Figure 1 Introduction: Stability and instability, and hypothesis candidates
  1. (Left, top) Depiction of stability in dynamics: starting from two distinct initial conditions, system trajectories converge. (Left, bottom) Diagram of a stable system—a pendulum with friction—that will converge to the bottom position regardless of the starting point. (Right, top) Depiction of instability in dynamics: starting from two similar initial conditions, system trajectories diverge to distinct paths. (Right, bottom) Cartoon of an unstable system—the weather—where a small perturbation, like a butterfly’s wings flapping, may cause a large-scale change such as a tornado.29
  2. Three hypotheses regarding the impact of propofol anesthesia on neural dynamics: dynamics can be more unstable, more stable, or show no significant change compared with awake dynamics.
  3. Sample neural data from the propofol dataset: (top row) LFPs during the awake (left) and unconscious (right) states. (Bottom row) Spike rasters during awake (left) and unconscious (right) states. In the awake state, LFP signals are lower amplitude with higher-frequency activity, and spiking is consistent without coordinated bursting. In the unconscious state, LFP signals display low frequency, hypothesized to underlie loss of consciousness.1,2 Spiking during the unconscious state shows up-state/down-state bursting patterns.

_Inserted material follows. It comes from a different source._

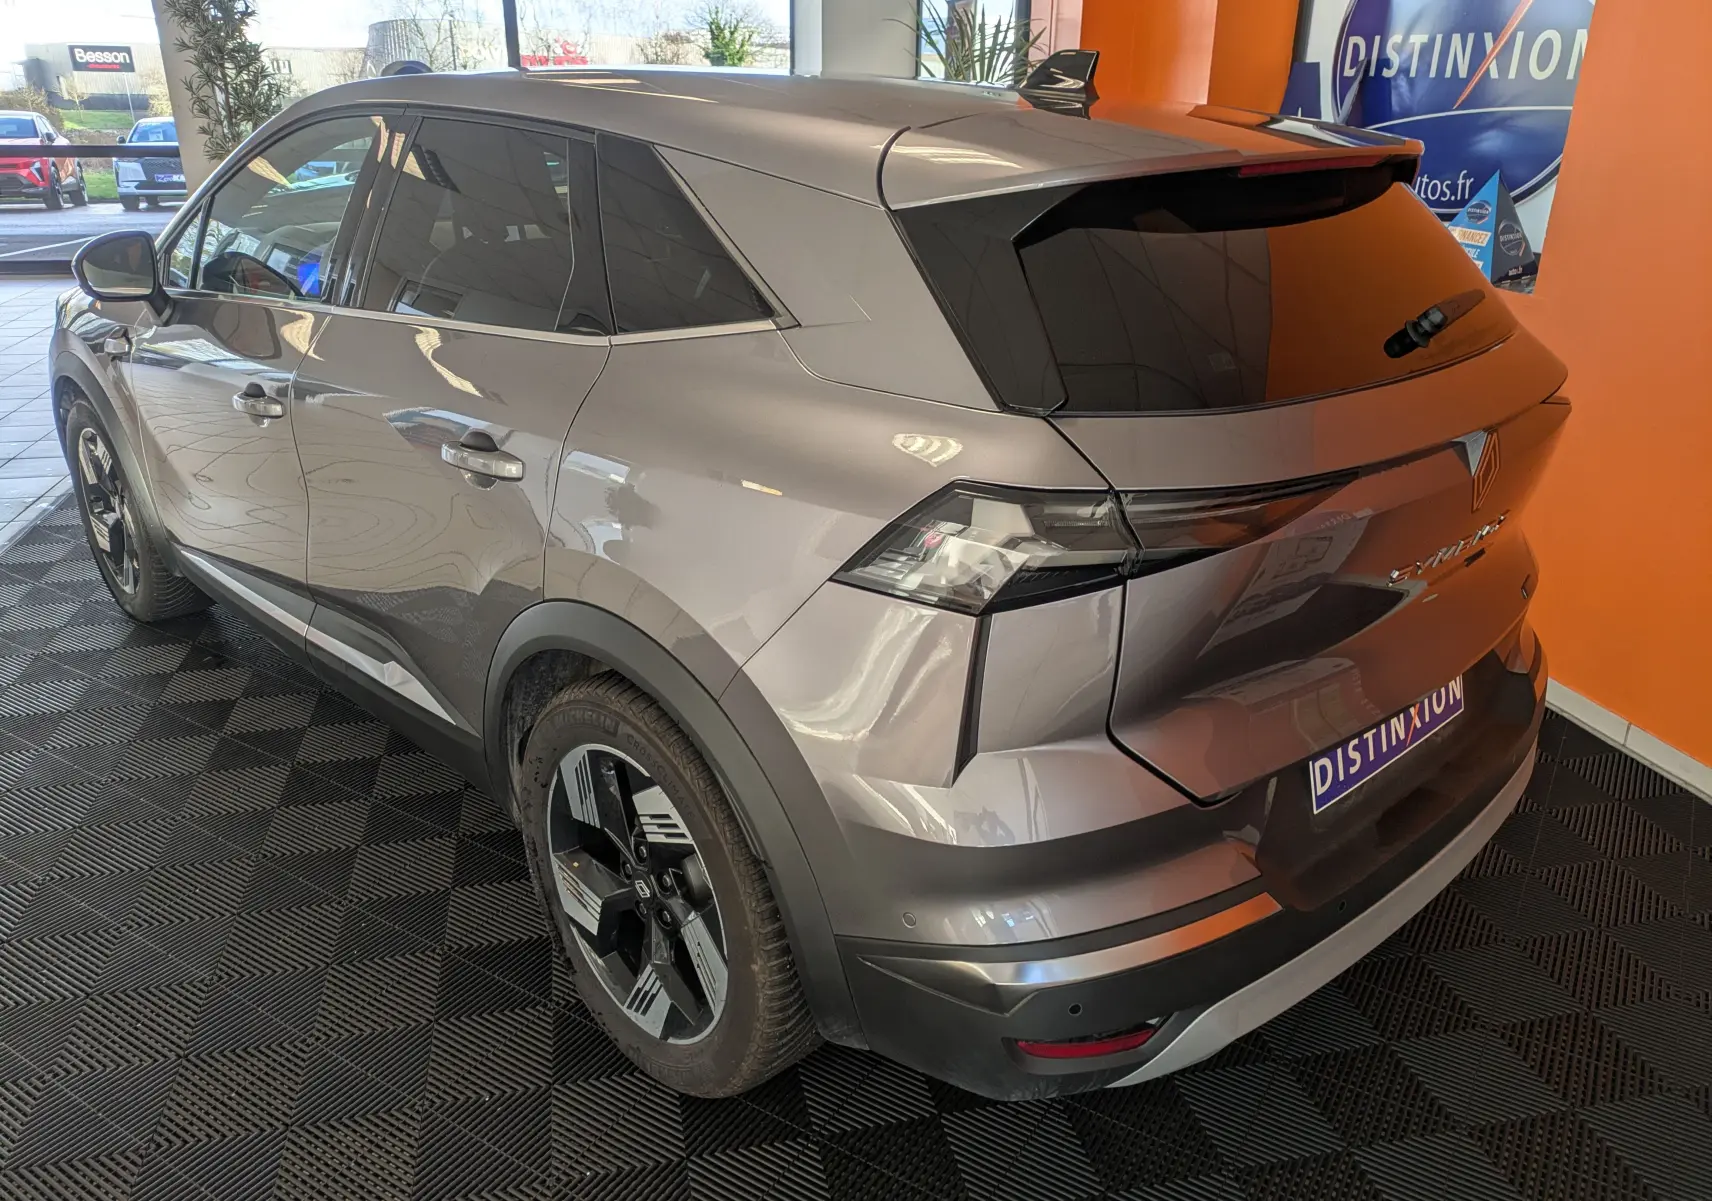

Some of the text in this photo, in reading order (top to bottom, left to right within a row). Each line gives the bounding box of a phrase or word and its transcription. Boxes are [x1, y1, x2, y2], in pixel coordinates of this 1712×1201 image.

[74, 48, 131, 63] Besson
[1343, 29, 1588, 80] DISTINXION
[1415, 170, 1474, 201] tos.fr
[1314, 676, 1461, 797] DISTINXION

Previous work on cortical stability during anesthesia has produced contradictory results, suggesting that anesthesia either destabilizes30,31 or excessively stabilizes32,33,34 neural dynamics (Figure 1B). This could be due to a paucity of studies using high-density intracortical electrophysiology and the inability to therefore apply sufficiently rich dynamical tools to assess stability. Thus, we used a dataset of local field potential (LFP) recordings with hundreds of electrodes from multiple brain regions in two non-human primates (NHPs, specifically adult rhesus macaque monkeys) as they lost and regained consciousness due to propofol anesthesia (Figure 1C).

We introduce a new approach—delayed linear analysis for stability estimation (DeLASE). DeLASE directly quantifies changes in stability in neural data. We show that this method produces high-quality models of nonlinear circuit dynamics while maintaining the simplicity and tractability of a linear dynamical system. We validated the model’s estimates of changes in dynamic stability in systems for which the ground truth stability is known. We found that propofol-induced unconsciousness is associated with destabilized neural dynamics.

Despite the evidence such as this that consciousness can be abolished with chemicals, creationists will still maintain that it exists separate from the brain and is god-magic rather than the product of neurophysiology. To admit otherwise would entail a fundamental reassessment of their core superstition that they have a magic self living inside their body which death releases to enjoy eternal life (or unspeakable torture, depending on whether you've said the right magic words at the right time or not, but not on how you've live your life or behaved towards others).

Since religion is for people who been made afraid of death by childhood indoctrination, this is too much for them to contemplate.